The primary goals were to (a) inventory and describe ongoing database efforts at continental-to-global scales that promote water-related science (b) assess the relevance and utility of existing large-scale water sciences data sets for the formulation of water resources policy, (c) review the current state-of-the-art in data base systems for acquiring and managing global water data sets, and (d) discuss current policies on data access/restriction and their impacts on the execution of water-related science.

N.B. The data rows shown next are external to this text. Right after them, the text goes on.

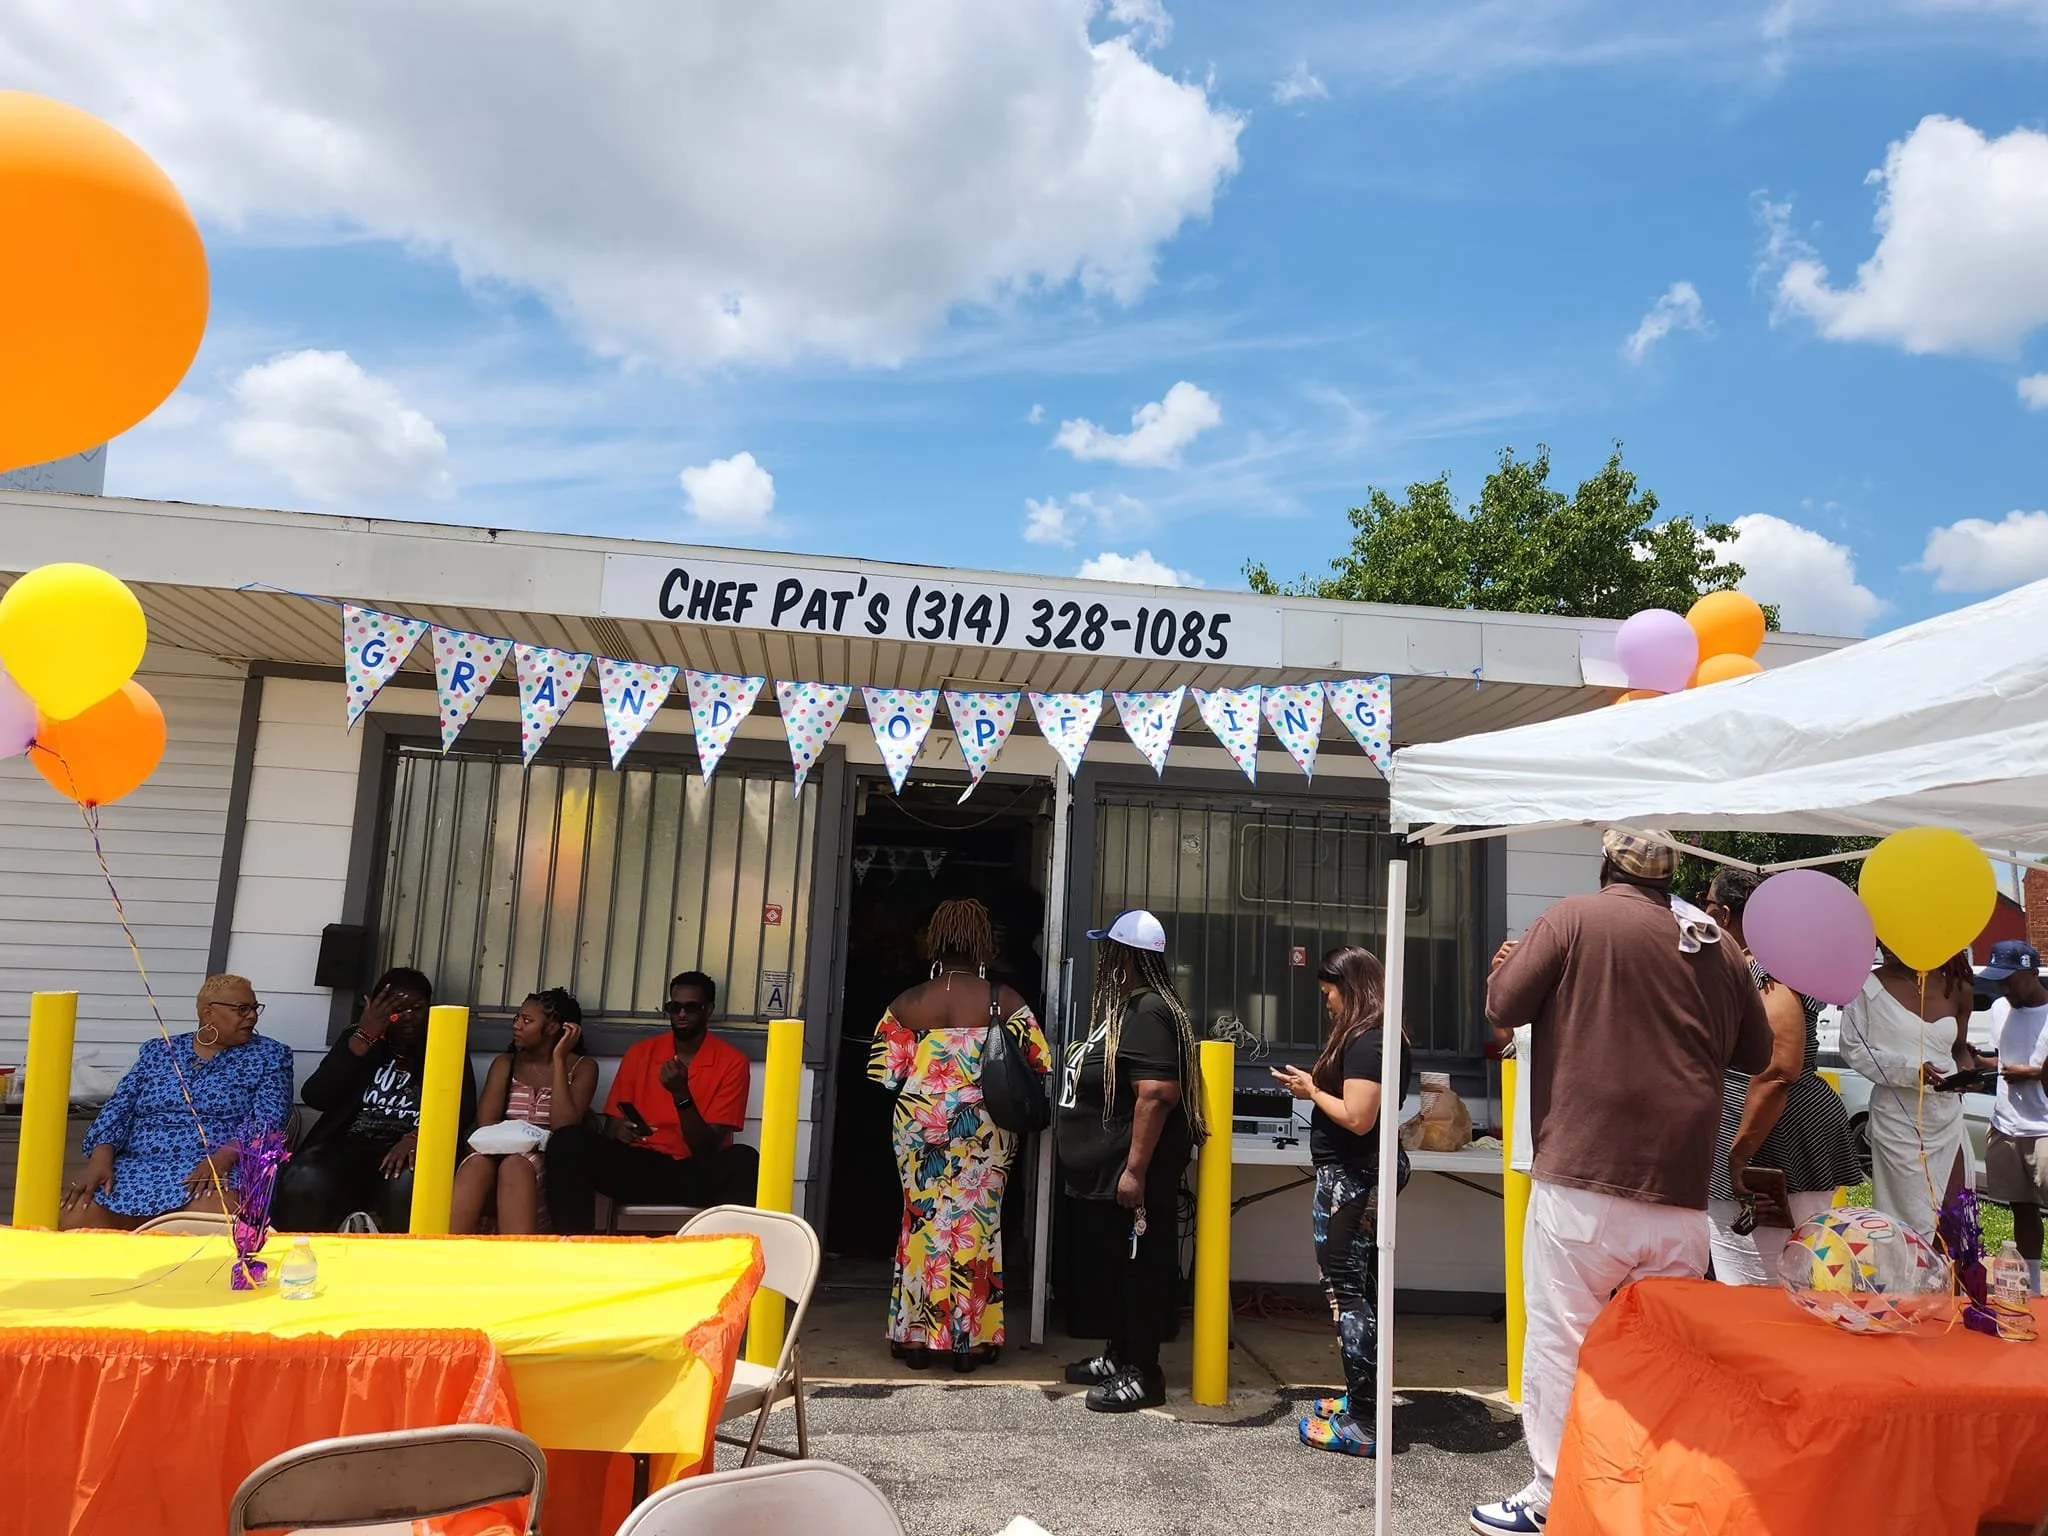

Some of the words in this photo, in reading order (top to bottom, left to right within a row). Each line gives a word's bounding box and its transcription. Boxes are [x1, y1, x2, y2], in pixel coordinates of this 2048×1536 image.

[659, 568, 758, 623] CHEF
[771, 576, 890, 635] PAT'S
[905, 585, 1010, 645] (314)
[1026, 599, 1231, 660] 328-1085
[361, 639, 732, 728] GRAND
[888, 701, 1377, 747] OPENING
[767, 987, 783, 1008] A

Several products emerged from the Workshop. First was an articulation of key issues relating to the generation, application, and distribution of the rapidly increasing number of global data sets in the water sciences and water resources A summary of key findings is currently being prepared as a brief article in EOS, published by the American Geophysical Union. The workshop members also drafted an IAHS resolution recognizing the absolute necessity of monitoring data to support the water sciences and requesting that national and international agencies actively work to strengthen existing programs. This resolution was eventually adopted by the Bureau. A press release was also prepared and distributed.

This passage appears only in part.